CMU School of Drama


Friday, April 04, 2025

Arts and culture contributed a record $1.2 trillion to United States GDP in 2023

www.broadwaynews.com: The Arts and Cultural Production Satellite Account (ACPSA) has released the findings from its latest economic impact study of arts and culture throughout the United States. The results indicate that arts and culture sectors contributed $1.2 trillion to the United States economy in 2023.

2 comments:

JFleck said...

Entertainment is an integral part of life. An important part of our economic life as well as technology allows transfer and immersive experiences to spam the globe. The best and easiest way to help the sector grow is to let children experience the different parts of entertainment early so they can become experts sooner in life if they want to.
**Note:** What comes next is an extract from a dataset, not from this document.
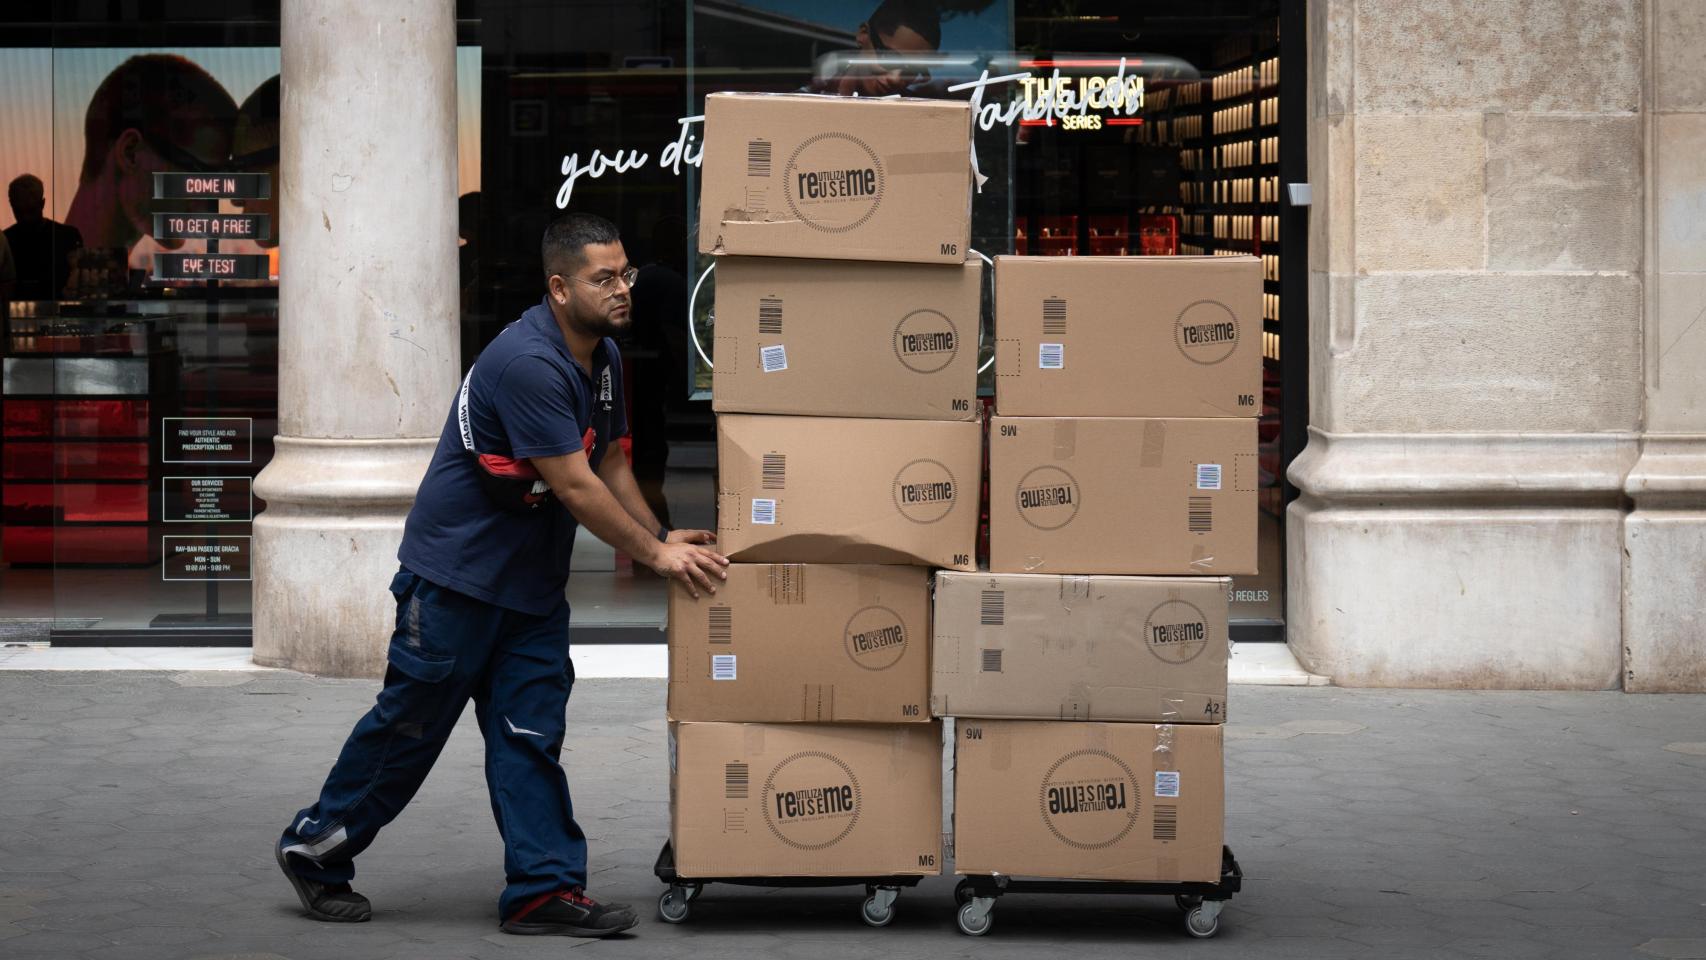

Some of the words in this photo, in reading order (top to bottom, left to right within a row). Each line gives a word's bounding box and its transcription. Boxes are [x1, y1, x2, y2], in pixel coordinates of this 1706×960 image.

As research already shows, early life social programs return profits of over eleven dollars per dollar spent. Alternative teaching allows students who do not excel with the standard approach to learning in classrooms for math and science to excel in at least one area in school to keep students invested and wanting to learn. I remember being early in school and dreading my classes because they were dry and boring except for jazz and theatre. Because they give a break in the parts of your brain learning math and science, it gives an opportunity to reflect back on that information and try to understand it in a new way.

Ellie Yonchak said...

This is another factor that shows why the arts and entertainment industries are such valuable industries for the country as a whole. Even though the arts offer different benefits as well, such as a feeling of catharsis, or togetherness, or culture, or learning something new, they do provide a lot of value monetarily.This is why it's especially crazy to me when politicians or non-artists try to disregard the arts as something that has benefit, or cut arts programs, or discourage people from going into the arts. I think it's easy to do so because intrinsically, art doesn't feel one of your basest of needs. It doesn't keep you from starving or put a roof over your head just by being art, but it does fulfill a very important role to me, and that is that art is often the way that we go from just surviving through a situation to really living in our lives. I'm not sure if that makes sense, but what I mean is that art is kind of the thing we go to that helps make all of life better even if it's just by having a good cry when you need it or by seeing something that you like reflected back at you, I think art really provides a very necessary and vital part to survival, which is that it helps make life worth living.